Muhammad Farooq1 and Shahzad M.A. Basra2

1Department of Agronomy, University of Agriculture, Faisalabad-38040, Pakistan, e-mail: farooqcp@gmail.com
2
Department of Crop Physiology, University of Agriculture, Faisalabad-38040, Pakistan e-mail: shahzadcp@gmail.com

Abstract

Traditionally rice is transplanted in puddled flooded field and wheat is sown after pulverizing the soil. This reflects to a tillage conflict in traditional soil management for rice and its consequent deleterious effects for the succeeding wheat crop in the rice-wheat system. A study consisting of two experiments (both being exactly the same in design and implementation) was conducted to find out the best tillage method for rice establishment in rice-wheat rotation system. Rice cultivar Super-basmati was grown in summer and wheat cultivar Auqab-2000 in autumn after rice. Rice was grown in four treatments viz. transplanting in continuously flooded conditions (TRF), transplanting with intermittent flooding and drying (TRI), direct seeded using dry seeds (DSR) and direct seeded using primed seeds (DSP). Traditional puddling tillage was followed in TRF and TRI, while for DSR and DSP, dry tillage was followed. For the sake of convenience, the abbreviations of the rice treatments were used to indicate the same plots during the wheat crop. The greatest tiller number, fertile tillers, kernel yield, straw yield, and harvest index were observed for rice in TRI. TRI also gave a yield advantage of 5% over TRF. The performance of DSR was at the bottom in case of rice; however, it was better than DSP treatment. In wheat, crop following direct seeded rice was better than transplanting. This study suggests that intermittent irrigation in the traditional puddling tillage system and direct seeding of the primed rice seeds in dry tillage system are promising alternatives.

Key Words

Rice-wheat system, stand establishment, seed priming, tillage, yield, direct seeding

Introduction

Rice-wheat systems occupy 24 million hectares of cultivated land in Asia. Of this, 13.5 million hectares are in South Asia extending from the Indo-Gangetic Plains to the Himalayan foothills. Traditionally rice is transplanted after puddling and wheat is sown after pulverizing the soil. This reflects to an edaphic conflict in conventional tillage system for rice and its consequent deleterious effects on the soil environment for the succeeding wheat and other upland crops. As a management scheme for rice, soil puddling in advance of transplanting (i.e. paddy rice) is typically considered advantageous for achieving resource-use efficiency, yield stability, and high productivity, primarily by retaining water and nutrient resources while reducing weed pressure (Surendra et al. 2001). Evidence from several rice-based crop rotations, however, suggests a putative conflict between soil conditions created by puddling and performance of subsequent non-rice crops (Sharma and DeDatta 1985).

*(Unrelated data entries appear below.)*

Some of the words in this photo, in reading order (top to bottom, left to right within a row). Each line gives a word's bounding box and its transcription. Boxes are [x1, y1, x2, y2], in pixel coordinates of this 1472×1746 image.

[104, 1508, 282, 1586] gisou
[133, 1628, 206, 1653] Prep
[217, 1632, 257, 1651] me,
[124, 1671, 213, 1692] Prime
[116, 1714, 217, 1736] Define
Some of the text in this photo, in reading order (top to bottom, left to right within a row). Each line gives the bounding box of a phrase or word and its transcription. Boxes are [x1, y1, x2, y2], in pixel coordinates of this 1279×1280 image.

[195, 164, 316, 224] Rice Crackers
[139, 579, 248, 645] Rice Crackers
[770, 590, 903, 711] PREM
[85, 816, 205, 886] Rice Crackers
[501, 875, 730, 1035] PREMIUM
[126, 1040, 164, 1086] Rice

Late planting is the main limitation to wheat productivity in many areas of South Asia (Ahmed and Meisner 1996). At best, post-rice deep tillage is a partial solution for physical constraints to wheat performance because it does not alleviate poor tilth in the surface horizon. For most regions that utilize the rice–wheat cropping system, there is general consensus that wheat yields will increase if puddling operations for rice establishment are reduced or eliminated (Timsina and Connor 2001). Thus, direct seeded rice provides an option to resolve the edaphic conflict between rice and wheat crops in rice-wheat system. Direct seeding of rice facilitates timely establishment of rice and succeeding winter crops. Unlike puddled fields, direct seeded field soils do not crack and thus helps save irrigation water.

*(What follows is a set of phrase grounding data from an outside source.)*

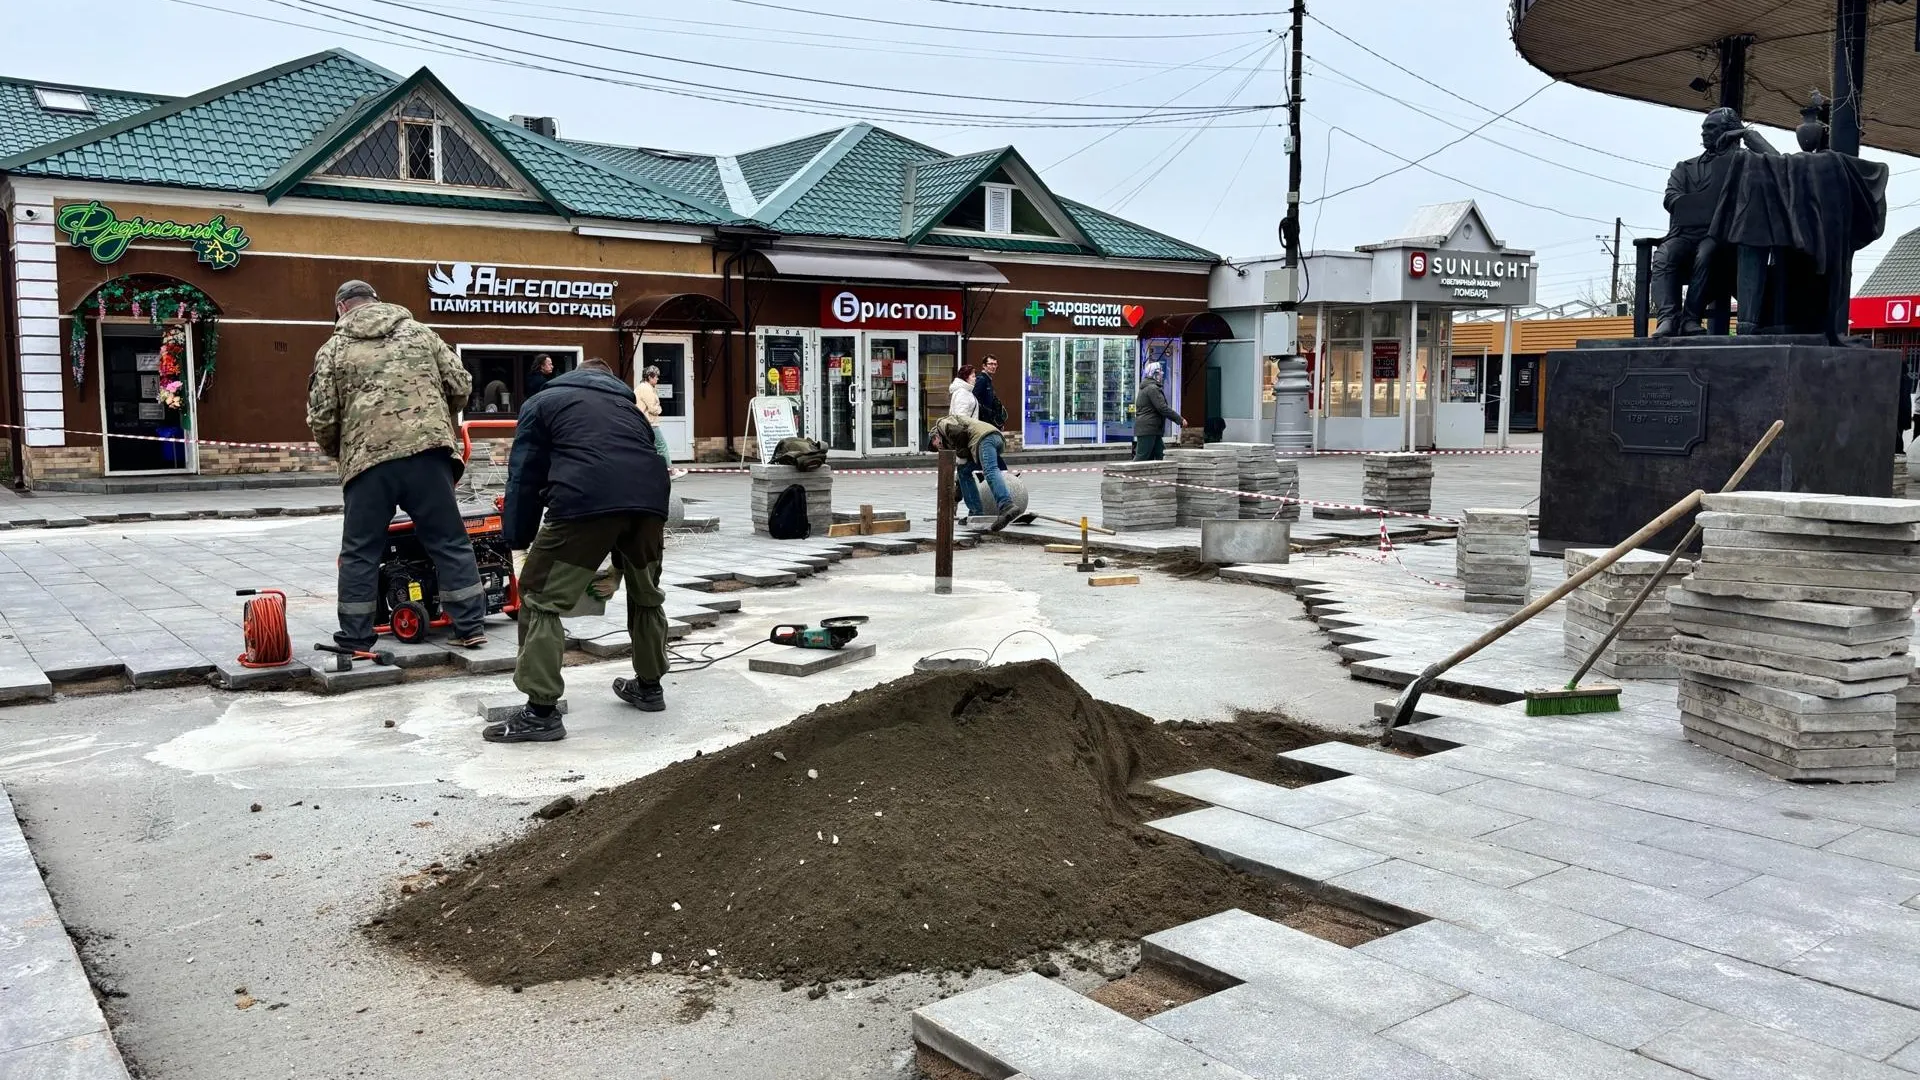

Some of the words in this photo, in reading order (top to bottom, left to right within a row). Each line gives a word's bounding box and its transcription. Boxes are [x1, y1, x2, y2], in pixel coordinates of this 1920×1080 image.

[58, 201, 248, 262] Флористика
[1433, 257, 1530, 278] SUNLIGHT
[1453, 287, 1489, 299] ЛОМБАРД
[430, 298, 540, 314] ПАМЯТНИКИ
[549, 301, 616, 318] ОГРАДЫ
[839, 295, 957, 322] Бристоль
[1047, 301, 1121, 317] здравсити
[1073, 315, 1121, 327] аптека

The present study was therefore conducted to compare the conventional puddling and dry tillage systems in the rice-write systems and to investigate the benefits associated with each system.

Methods

Two rice–wheat experiments were conducted in a farmer’s farm in the rice growing belt (31.45o N, 73.26o E, and 193 m) in 2005-06 and 2006-07. Experimental soil was sandy clay loam with pH 8.1, 0.30 mS cm-1 total exchangeable salts and 0.75% organic matter. The climate of the area is semi-arid with an average annual temperature of 27C and average annual rainfall of 1000 mm.

The two experiments were exactly the same in design and implementation in both years. They were laid out in a randomized block design with three replicates and plot sizes of 10 m x 7 m. Rice was grown in summer and wheat in autumn after harvesting rice. Rice cultivar Super-basmati was grown in four treatments: transplanted continuously flooded (TRF), transplanted with intermittent flooding and drying (TRI), direct seeded using dry seeds (DSR) and direct seeded using primed seeds (DSP). Traditional puddling tillage system was followed in TRF and TRI, while for DSR and DSP, dry tillage system was followed.

In the traditional puddling tillage system, four cultivations with a tractor-drawn cultivator followed by two plankings were given to achieve the desirable soil structure. Field was flooded with water and puddle conditions were created with the help of a tractor drawn cultivator in standing water. The puddle field was left for a day or so to settle soil particles. Three weeks old seedlings were transplanted in 20 cm apart hills.

In dry tillage system, soil was dry plowed and harrowed before sowing and sowing was done in moist seed bed (at field capacity). Seeds (dry and primed) were drilled in rows 20 cm apart at a rate of 60 kg ha-1. For priming, seeds were soaked in CaCl2 solution with osmotic potential of –1.25 MPa for 24 h and were then re-dried to their original weight.

In transplanted plots, irrigation water at the time of transplanting was maintained at 3-4 cm. In TRF, one week after transplanting a constant water depth of 5-6 cm was maintained to keep the field continuously flooded. While in TRI, irrigation was applied about every other day to keep the soil moist. In direct seeded treatments, irrigation water was applied at one week interval. In all the treatment, irrigation was withheld when the signs of physiological maturity appeared. The crop was harvested when panicles were fully ripened at an approximate moisture of 23%, and each plot was threshed separately.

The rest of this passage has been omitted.